Wednesday, October 6, 2010: 9:00-12:00


P10: GlobalSight Community Meeting

Speaker: Derek Coffey (Welocalize)

Synopsis: GlobalSight, the open-source translation management system (TMS) platform, emerged in 2009, and now over 4,000 language industry professionals have downloaded the product to test its merits as a low-risk, open-source alternative to proprietary TMS software for managing, translating and delivering global business content. The GlobalSight community of language service providers, corporate clients, translators, technology providers, universities and developers is growing at an average rate of 34% each month. The GlobalSight community meeting provides a forum for all participants to leverage the collective experience and best practices of the community. This half-day session will provide you with an update on the latest release of GlobalSight (7.1.8), with over 80 changes incorporated into the core system. The session will provide an update on a number of initiatives, such as the new offline workbench currently in development. The community meeting will also highlight the upcoming roadmap of new features and additions planned over the next 12 months, including community-wide achievements from successful launches or pilots, new capabilities via the web services API, and best practices for implementing and mapping an open-source TMS to your global content value chain. Following the presentation, we will be hosting an interactive support session with engineers on site to help with any technical issues you may have. Attendance is free.

Wednesday, October 6, 2010: 1:30-5:00


P11: Agile Round Table

Speakers: Martin Güttinger (Cisco Systems), Iris Orriss (Microsoft)

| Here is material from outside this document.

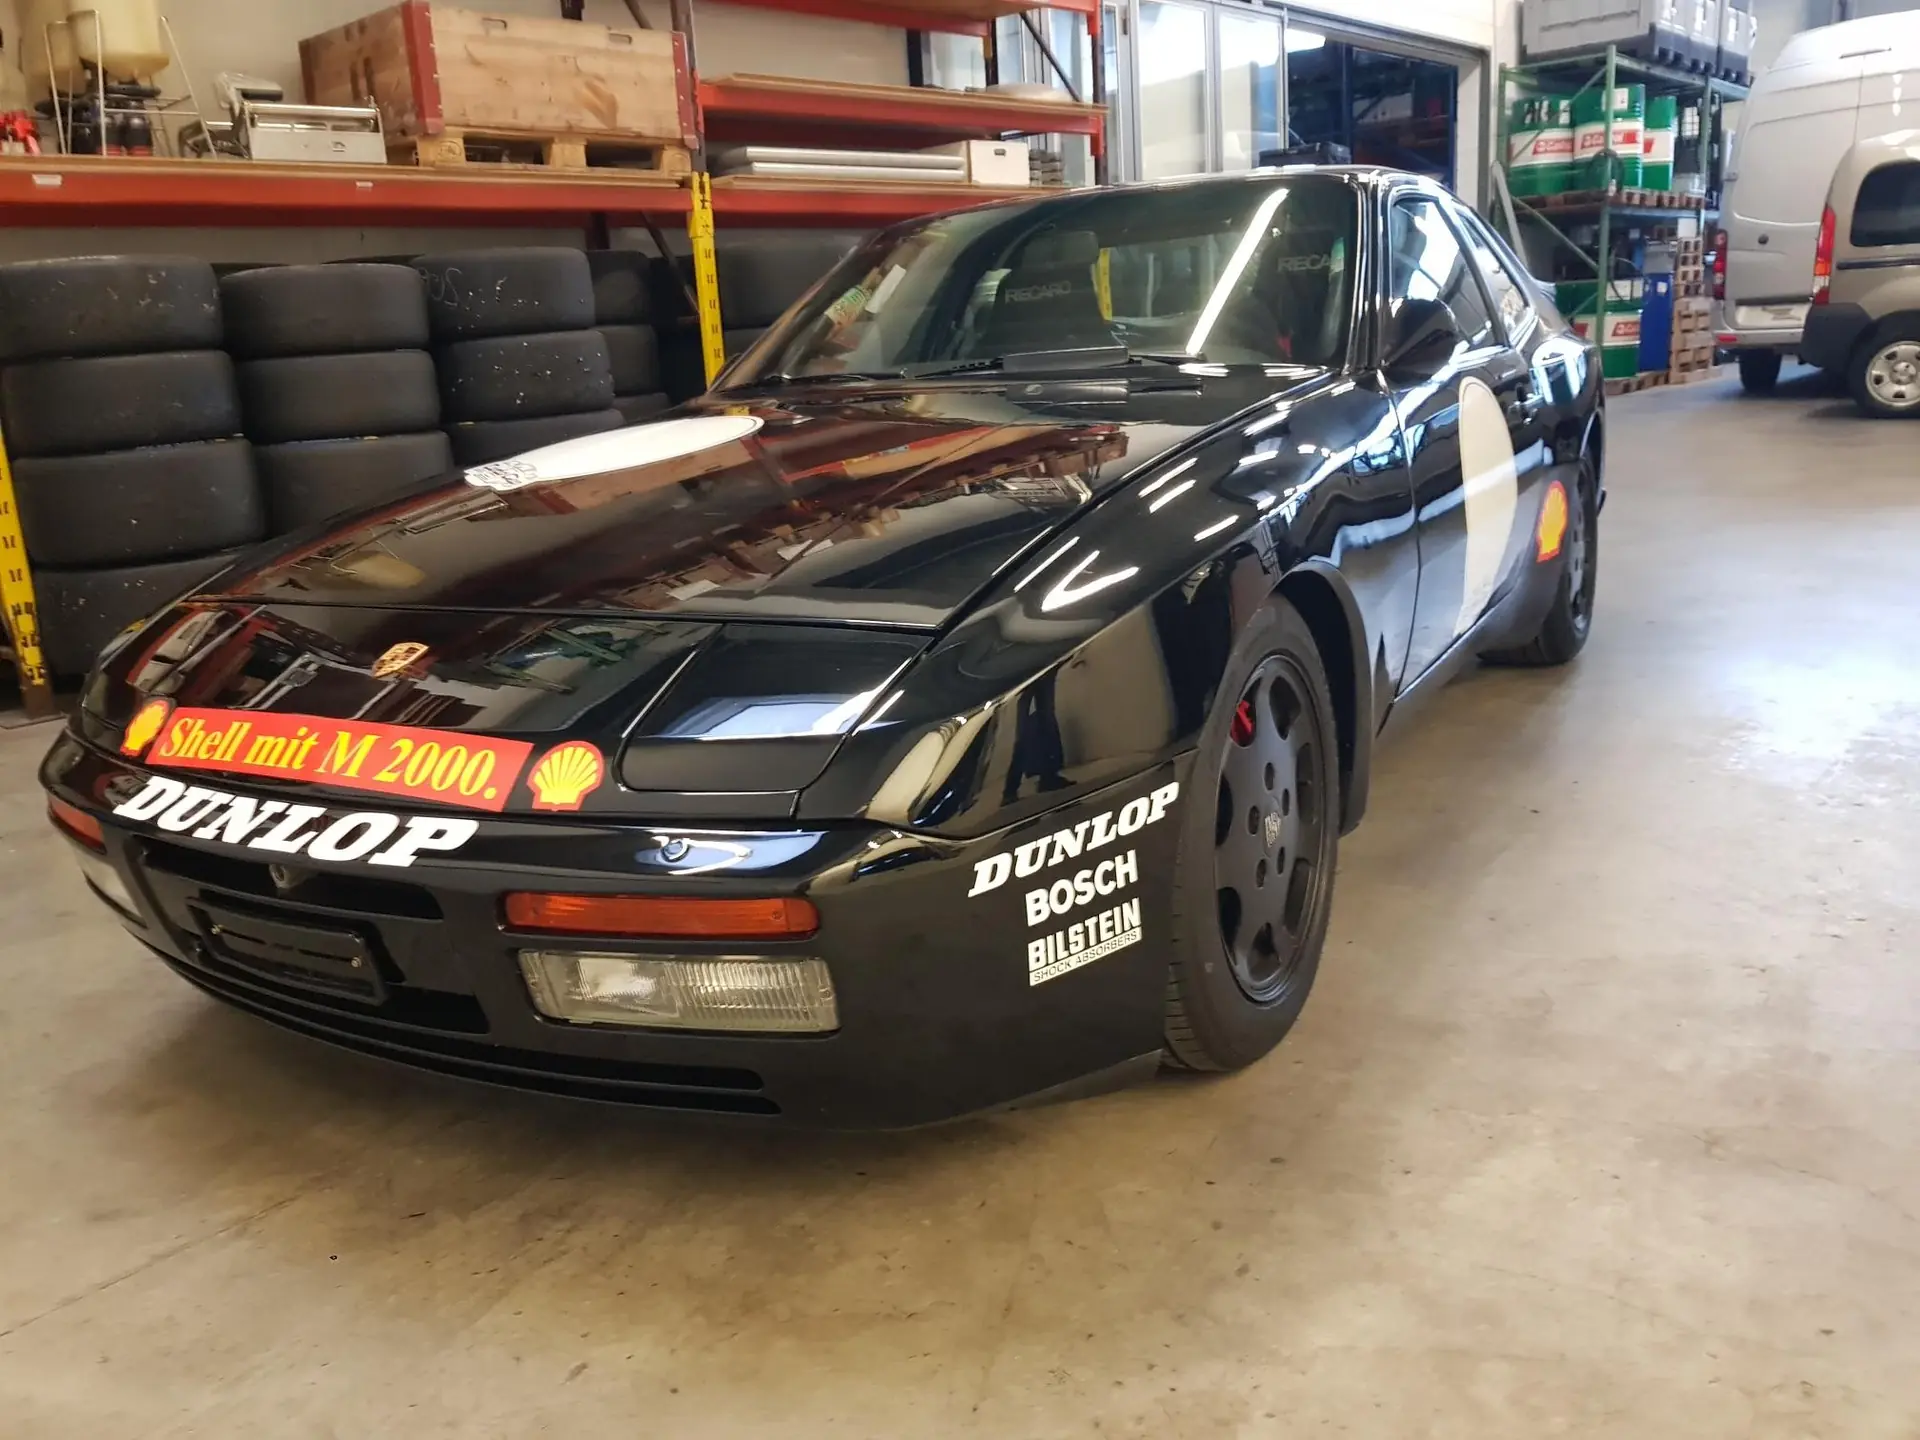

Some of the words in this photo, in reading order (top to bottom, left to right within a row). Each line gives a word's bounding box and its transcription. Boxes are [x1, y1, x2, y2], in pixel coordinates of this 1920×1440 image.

Synopsis: Information coming soon.

Wednesday, October 6, 2010: 1:30-5:00


P12: Preparing New Localization Professionals for the Job Market

Speakers: Carla Di Franco (Microsoft), Paulo de Oliveira (Microsoft), Hiram Machado (adaQuest)

Synopsis: Students enrolled in the certificate for localization at the University of Washington learn directly from industry professionals, but is this enough? There are many challenges in localization training today, both inside and outside the classroom. Often there are more questions than answers! How can we best prepare localization professionals for hire? How do we teach students from a variety of backgrounds, including those with no experience in the localization industry? How much technical expertise in computer software design is essential? What tools should students learn to use? Join us for a presentation of our ideas and join in a lively discussion of the skills needed by professionals in our industry today.

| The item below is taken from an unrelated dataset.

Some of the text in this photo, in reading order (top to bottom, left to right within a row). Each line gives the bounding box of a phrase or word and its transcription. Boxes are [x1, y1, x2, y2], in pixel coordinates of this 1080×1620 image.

Wednesday, October 6, 2010: 1:30-5:00


Lunch Presentation: Localization for All — Industry Leaders for Change

Speakers: Sven Christian Andrä (ONTRAM Inc.), Francis Tsang (Adobe Systems Incorporated), Smith Yewell (Welocalize)

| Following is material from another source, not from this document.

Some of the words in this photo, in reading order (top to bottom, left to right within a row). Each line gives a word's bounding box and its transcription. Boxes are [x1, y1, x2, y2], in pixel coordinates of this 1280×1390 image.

Synopsis: The localization industry is helping around one billion customers to communicate across languages. There are another five billion customers out there for which the industry has to date not established a viable business case. Industry leaders have gotten together under the umbrella of The Rosetta Foundation to service these under-served customers backed by collaborative and open technologies. The Rosetta Foundation has already collaborated with nonprofit organizations providing services for the Special Olympics, eye health care, alternative cooking and water purification technologies. For 2011, the Foundation will facilitate the translation and localization of 42 million words, providing localization and localization services to the nonprofit sector worldwide. In this session, industry leaders will discuss why they have decided to support the Foundation, what they believe the impact of their involvement will be for their organizations and the Foundation, and why you should support localization for all.